God, I love this. I adore it. I tip my seed tin out on the kitchen table and feel the rustle and the bulges. There are always a few beans that have burst out of their envelopes rattling round in the bottom, and a packet of a very exclusive something that too precious to sow and so it never grew. (Yes, I know this makes no sense.) The chances are that we are all going to struggle to get hold of seeds this year. Moving them across Europe has become almost impossible and everyone who has a bag of compost and a terracotta pot is aiming for The Good Life self-sufficiency in 2021. Even if the viability (the number of seeds that germinate successfully compared to the total number of seeds in the packet) drops off over time, I am going to be taking chances with old seed this year. As in, everything in the seed tin is going to be sown. This may seem drastic and a bit of a wager on 2022 being a better year for seed sourcing, but I am aiming for at least two thirds seed soverignty by next year.
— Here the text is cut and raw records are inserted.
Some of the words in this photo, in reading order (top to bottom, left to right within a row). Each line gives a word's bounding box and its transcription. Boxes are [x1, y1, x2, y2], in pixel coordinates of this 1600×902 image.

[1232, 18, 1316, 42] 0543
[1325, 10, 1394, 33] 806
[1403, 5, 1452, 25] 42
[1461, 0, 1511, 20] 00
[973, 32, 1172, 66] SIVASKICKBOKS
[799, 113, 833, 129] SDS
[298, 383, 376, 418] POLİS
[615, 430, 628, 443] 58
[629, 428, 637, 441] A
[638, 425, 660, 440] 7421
That is, I’ll be growing varieties that are open pollinated and deliberately cultivating some plants for seed and saving these. Like all good psychotherapists, I see the ultimate marker of success to put myself out of business. If I can give you a few packets and you can have flowers and food forever, I shall declare this a life well lived.

 

Pruning roses.

If you have roses, and you haven’t pruned them already, now is the time. This recent cold weather has done me a favour. My roses often have a flower or two on them all the way through the winter and, although my secateurs itch, I can’t bring myself to cut them right back. However, two hard frosts and they are in tatters. I am going in. If you have a waxed jacket, put it on. I always start in a thick, winter woolly jumper and spend the first twenty minutes cursing and unhooking myself. I remember a trial at Wisley where they compared a bed of roses pruned carefully and intricately by a highly skilled horticulturalist, and one that they ran a hedge-trimmer over. They fared pretty much the same. However, where’s the satisfaction in that?

A decent video here about how to put a bit of thought and effort in and make out you’re an expert.

 

Unless you are investing in bare rooted plants, that’s pretty much it. Eat, drink, hibernate.